I did it. I ran my 5k on October 10th. I had just two goals -- run the whole thing and do it under 40 mins. I met both goals.
I loved it. It was a perfect fall day, and the atmosphere was fantastic. I couldn't believe that I was standing with all these runners and that they considered me one of them. On the way to the registration table I got speaking to a 66 year old man who ran a half marathon the week before. He was so inspiring in his accomplishments, and yet, he was so excited about my first race!

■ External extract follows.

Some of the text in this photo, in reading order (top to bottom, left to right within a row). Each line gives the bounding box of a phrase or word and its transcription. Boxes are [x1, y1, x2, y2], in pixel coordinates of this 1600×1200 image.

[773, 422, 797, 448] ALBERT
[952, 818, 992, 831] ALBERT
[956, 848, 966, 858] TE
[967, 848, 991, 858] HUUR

The course was great -- rolling hills, but nothing I couldn't handle. As others walked the hills, I slowly trudged on. The clocks at the mile markers weren't working, so I had no idea what my pace was. I just kept on going. As I came into the last stretch, I saw the clock at the three mile mark. I could make out the three, but did it say 38 or 33? Did I have to sprint to make it under 40? NO! It said 33 -- I could not believe my time. As I came across the finish line I saw the clock -- 34:45 -- yes! My official chip time was 33:40. I was psyched.
The 5K boosted my confidence tremendously. I did it, and I killed my goal time (admittedly a padded goal). I was elated and sure my training was going to take off with ease from there. I took Monday off and headed out Tuesday. My legs were dead, so I only eeked out about 1.5 miles before I called it quits with plans to come back stronger on Thursday. And then, something I would never have imagined happened.

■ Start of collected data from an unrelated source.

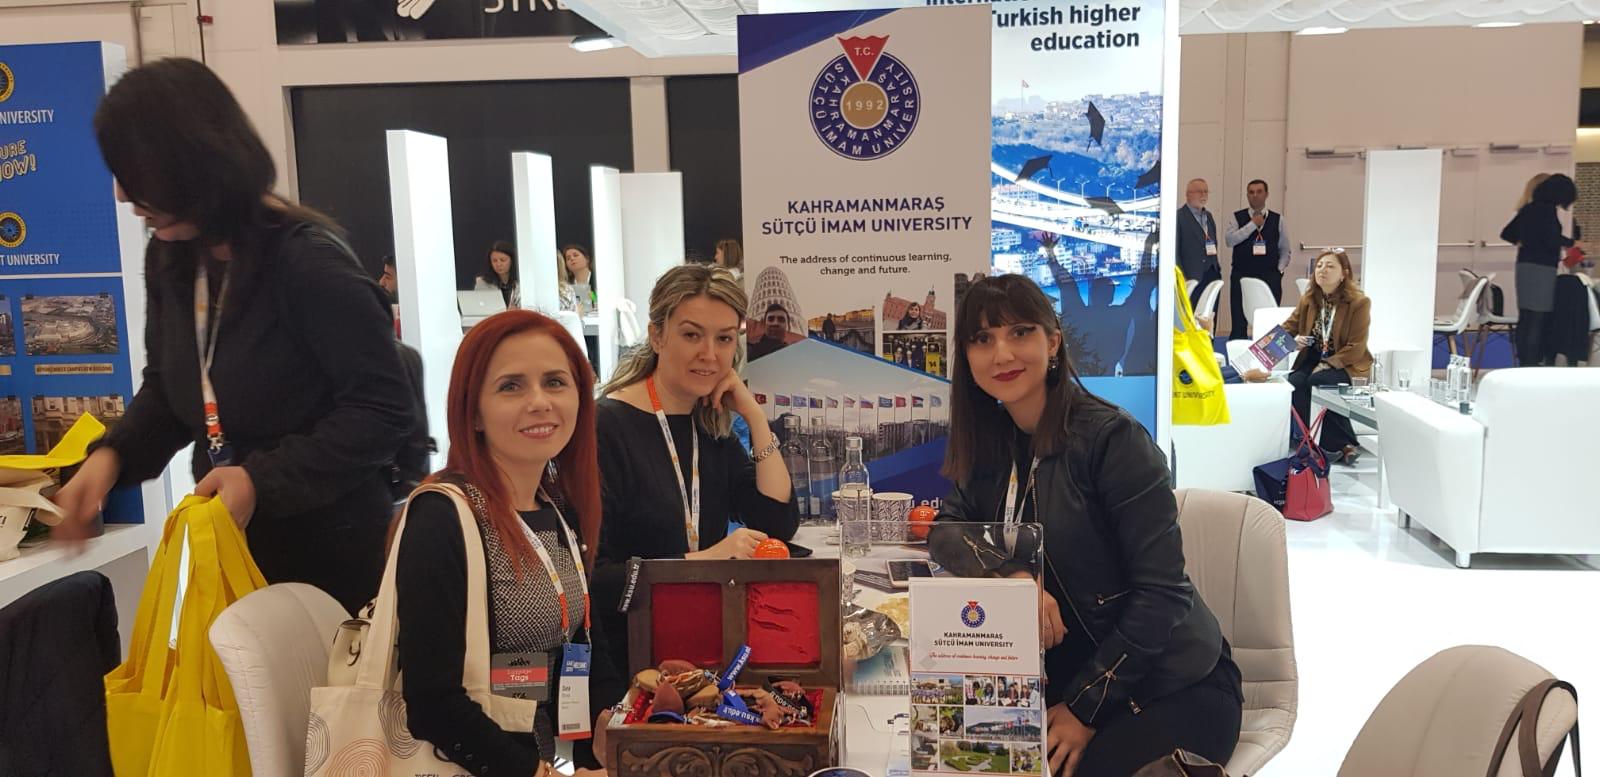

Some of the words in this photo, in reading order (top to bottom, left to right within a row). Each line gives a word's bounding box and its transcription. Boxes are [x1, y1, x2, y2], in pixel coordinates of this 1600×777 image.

[992, 7, 1063, 27] urkish
[1069, 4, 1141, 26] higher
[1030, 30, 1140, 51] education
[854, 47, 875, 56] T.C.
[846, 100, 884, 111] 1992
[871, 63, 914, 154] UNIVERSITY
[0, 153, 37, 182] OW!
[787, 197, 945, 214] KAHRAMANMARAŞ
[761, 217, 817, 236] SÜTÇÜ
[821, 217, 866, 234] İMAM
[871, 216, 973, 232] UNIVERSITY
[7, 253, 60, 266] UNIVERSITY
[779, 256, 798, 264] The
[800, 255, 837, 264] address
[839, 254, 849, 263] of
[851, 253, 906, 263] continuous
[908, 252, 952, 263] learning,
[820, 266, 856, 277] change
[857, 265, 876, 274] and
[878, 264, 911, 274] future.
[943, 631, 1004, 640] KAHRAMANMARAŞ
[510, 674, 529, 683] Tags

On Wednesday night I receieved a phone call from my mother. My dad's younger brother had suffered a massive heart attack while driving and hadn't survived. Of everyone in my family, my uncle was the last I'd expect this to happen to. He was an active golfer and hockey player -- in fact he was driving home from a hockey game that night. Needless to say, the next few days running was on hold.
When I got back to running, I felt like I was in a no man's land -- I have a 10K I'm running on Nov. 20th, but I didn't have a concrete plan to follow between the 5 and 10Ks. I gave weak efforts to some runs during the week and attempted some "longish" runs on the weekend. I tried to run 4 miles last weekend with a bit of a cold -- my nose ran much longer and faster than I did. I was in a slump and had to do something to change things up.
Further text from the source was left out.